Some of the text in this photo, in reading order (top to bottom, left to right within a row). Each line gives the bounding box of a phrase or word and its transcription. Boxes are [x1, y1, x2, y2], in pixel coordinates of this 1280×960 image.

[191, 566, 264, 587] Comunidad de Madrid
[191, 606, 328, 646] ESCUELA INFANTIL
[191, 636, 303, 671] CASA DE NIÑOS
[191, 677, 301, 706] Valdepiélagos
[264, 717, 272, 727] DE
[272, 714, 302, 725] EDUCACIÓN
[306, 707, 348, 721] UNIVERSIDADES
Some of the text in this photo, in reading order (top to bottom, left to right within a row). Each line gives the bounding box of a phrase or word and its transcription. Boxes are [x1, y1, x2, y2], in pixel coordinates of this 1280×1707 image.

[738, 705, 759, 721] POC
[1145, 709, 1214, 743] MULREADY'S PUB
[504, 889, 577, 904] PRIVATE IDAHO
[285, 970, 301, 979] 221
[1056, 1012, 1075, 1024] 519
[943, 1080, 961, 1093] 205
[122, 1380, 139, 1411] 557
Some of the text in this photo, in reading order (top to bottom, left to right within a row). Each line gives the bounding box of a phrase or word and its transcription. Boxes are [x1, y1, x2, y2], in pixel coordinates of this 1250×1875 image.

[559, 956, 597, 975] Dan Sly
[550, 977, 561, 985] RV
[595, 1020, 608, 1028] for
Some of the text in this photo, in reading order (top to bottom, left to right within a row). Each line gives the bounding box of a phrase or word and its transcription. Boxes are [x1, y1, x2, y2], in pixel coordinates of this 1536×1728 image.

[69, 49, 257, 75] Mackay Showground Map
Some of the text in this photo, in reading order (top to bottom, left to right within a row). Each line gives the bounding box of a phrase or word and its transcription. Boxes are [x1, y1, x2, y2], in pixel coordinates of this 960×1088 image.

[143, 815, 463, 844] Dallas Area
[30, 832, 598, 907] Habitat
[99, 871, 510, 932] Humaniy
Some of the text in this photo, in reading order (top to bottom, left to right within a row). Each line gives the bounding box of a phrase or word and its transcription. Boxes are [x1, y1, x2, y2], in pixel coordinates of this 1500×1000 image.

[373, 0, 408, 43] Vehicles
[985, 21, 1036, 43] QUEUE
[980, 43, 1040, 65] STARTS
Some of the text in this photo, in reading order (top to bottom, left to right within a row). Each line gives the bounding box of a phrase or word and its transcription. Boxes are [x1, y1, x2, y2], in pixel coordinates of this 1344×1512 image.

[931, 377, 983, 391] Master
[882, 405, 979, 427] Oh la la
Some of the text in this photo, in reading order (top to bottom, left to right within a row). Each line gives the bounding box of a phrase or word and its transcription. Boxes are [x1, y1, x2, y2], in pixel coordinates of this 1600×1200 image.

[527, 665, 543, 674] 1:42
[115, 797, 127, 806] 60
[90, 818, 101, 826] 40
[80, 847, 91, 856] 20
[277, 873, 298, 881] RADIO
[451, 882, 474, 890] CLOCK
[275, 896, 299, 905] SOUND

• [ASSIGNMENT]
Would you copy exactly the lines from the one that contains "this 960×1088 image." through the final line of the records above, including both?

• [ANSWER SECTION]
Some of the text in this photo, in reading order (top to bottom, left to right within a row). Each line gives the bounding box of a phrase or word and its transcription. Boxes are [x1, y1, x2, y2], in pixel coordinates of this 960×1088 image.

[143, 815, 463, 844] Dallas Area
[30, 832, 598, 907] Habitat
[99, 871, 510, 932] Humaniy
Some of the text in this photo, in reading order (top to bottom, left to right within a row). Each line gives the bounding box of a phrase or word and its transcription. Boxes are [x1, y1, x2, y2], in pixel coordinates of this 1500×1000 image.

[373, 0, 408, 43] Vehicles
[985, 21, 1036, 43] QUEUE
[980, 43, 1040, 65] STARTS
Some of the text in this photo, in reading order (top to bottom, left to right within a row). Each line gives the bounding box of a phrase or word and its transcription. Boxes are [x1, y1, x2, y2], in pixel coordinates of this 1344×1512 image.

[931, 377, 983, 391] Master
[882, 405, 979, 427] Oh la la
Some of the text in this photo, in reading order (top to bottom, left to right within a row). Each line gives the bounding box of a phrase or word and its transcription. Boxes are [x1, y1, x2, y2], in pixel coordinates of this 1600×1200 image.

[527, 665, 543, 674] 1:42
[115, 797, 127, 806] 60
[90, 818, 101, 826] 40
[80, 847, 91, 856] 20
[277, 873, 298, 881] RADIO
[451, 882, 474, 890] CLOCK
[275, 896, 299, 905] SOUND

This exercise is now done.